According to University of Sydney professor Julie Leask has said only about 2 per cent of families are registered as conscientious objectors to vaccination, and about half of those aren’t hardened opponents that could be easily swayed.

Yet about 4 or 5 per cent of parents have not had their children immunized because of difficulty accessing the program.

Yet slogans like “no jab, no pay” and the idea of punishing objectors resonate with the governing party’s conservative voter base, so the policy goes for the votes rather than solving the underlying health issues.

The strategy is familiar to many citizens around the globe who see policies come into force that do not represent logic, instead seeking to win votes and appeal to party ideologies rather than solve problems.

Connecticut Serial Killer Positively Identified

The killing of at least seven people, whose bodies were buried behind a New Britain, Connecticut, shopping center has led multiple law enforcement sources to identify William Devin Howell as the serial killer responsible.

The 45-year-old is currently incarcerated at a Connecticut prison on separate manslaughter charges.

Howell’s is spending 15-years at the Garner Correctional Institution stemming from the homicide of Nilsa Arizmendi, a 33-year-old Wethersfield resident who vanished in 2003. Her body was never found.

Howell was put on trial for her murder but pleaded to the lesser charge of manslaughter, according to the state Division of Criminal Justice.

Howell was arrested in North Carolina in 2004 and his van was seized as evidence.

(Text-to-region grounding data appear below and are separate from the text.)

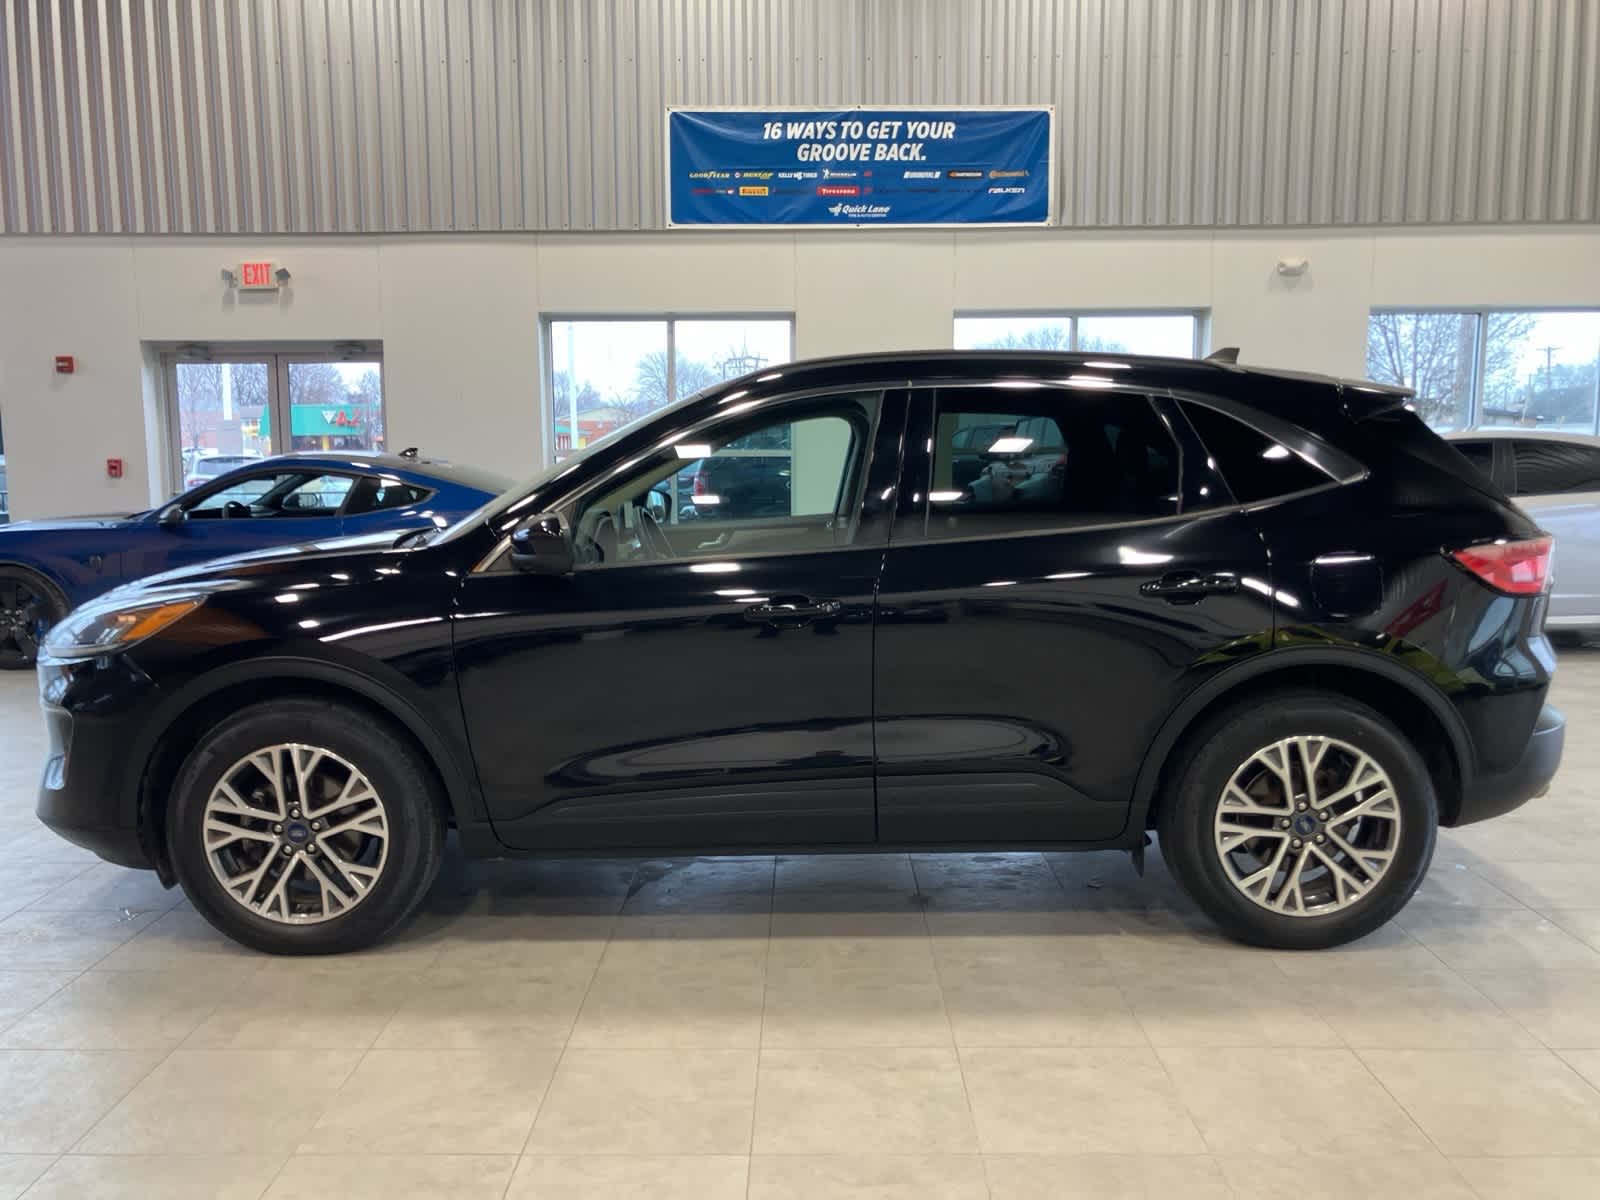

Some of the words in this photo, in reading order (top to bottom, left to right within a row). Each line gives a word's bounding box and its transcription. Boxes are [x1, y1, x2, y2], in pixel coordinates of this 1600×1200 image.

[763, 121, 782, 139] 16
[787, 121, 837, 139] WAYS
[841, 121, 863, 139] TO
[867, 121, 902, 139] GET
[907, 121, 956, 139] YOUR
[797, 143, 872, 161] GROOVE
[875, 143, 927, 161] BACK.
[841, 204, 867, 214] Quick
[867, 204, 890, 213] Lane
[242, 262, 271, 286] EXIT

Arizmendi was last seen entering his van before she disappeared. Authorities found Arizmendi’s blood in the van, as well as the blood of an unidentified person. They also found video that shows two other women. Their identities and fates remain unknown.

Howell was working odd jobs in Connecticut at the time of Arizmendi’s disappearance.

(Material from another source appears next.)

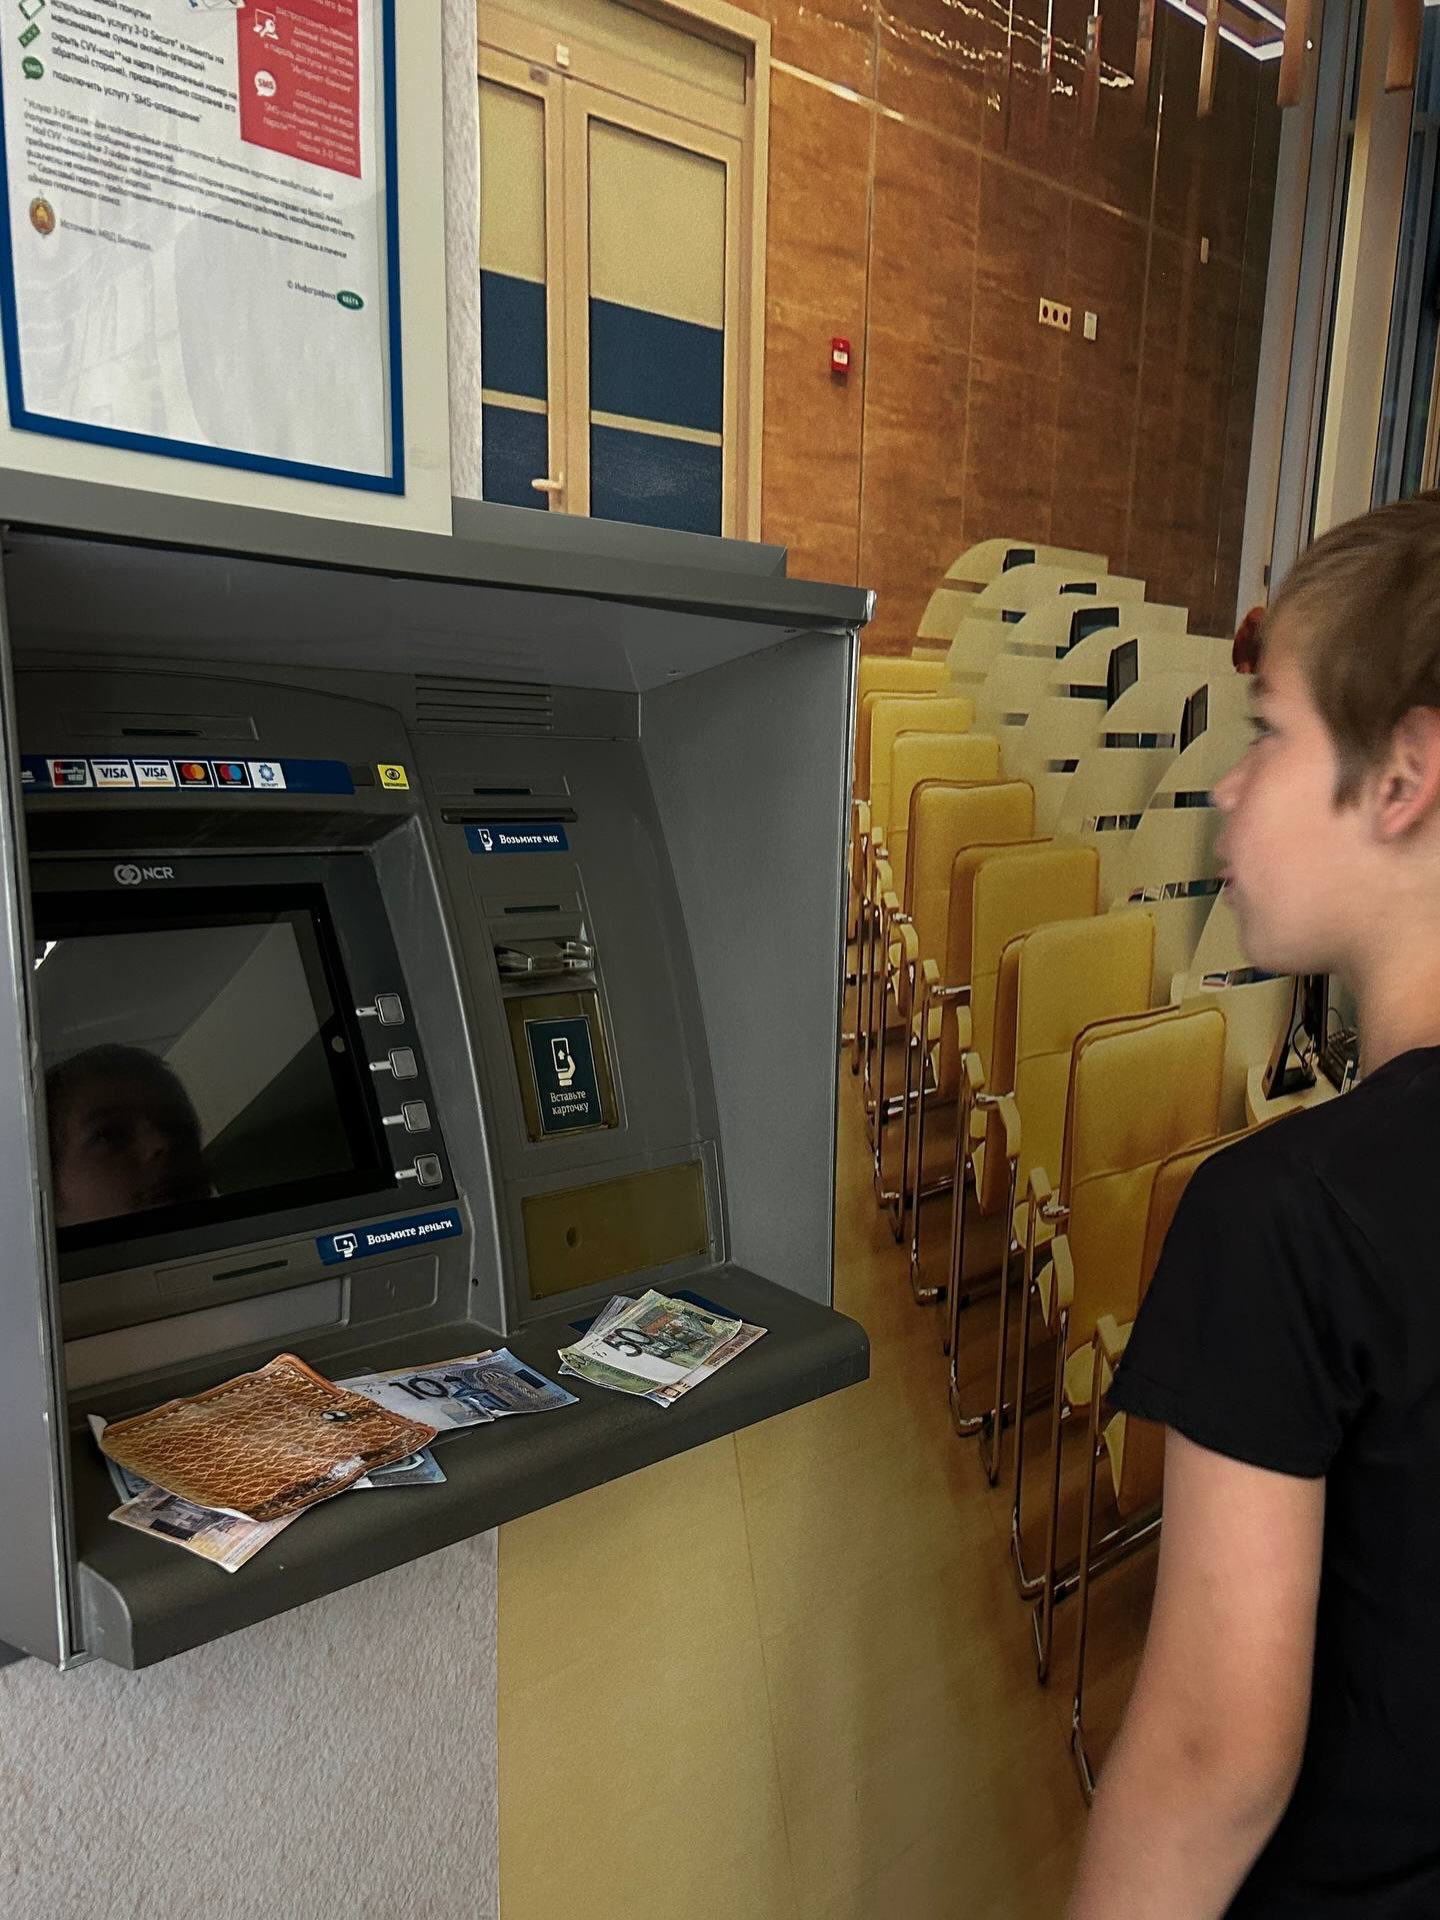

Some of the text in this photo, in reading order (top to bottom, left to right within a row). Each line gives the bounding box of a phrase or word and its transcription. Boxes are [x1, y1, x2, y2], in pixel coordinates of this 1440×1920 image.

Investigators have now recovered the bodies of at least seven people from a wooded area behind the shopping plaza at 593 Hartford Road, where a local hunter found the first set of remains in 2007.

Police have declined to officially name the suspected serial killer, citing an ongoing investigation, but have said that the person they are looking at is no longer a threat to the community. Multiple sources have leaked William Devin Howell’s name to the press.

Four of the seven victims have so far been identified – all as women who vanished in 2003.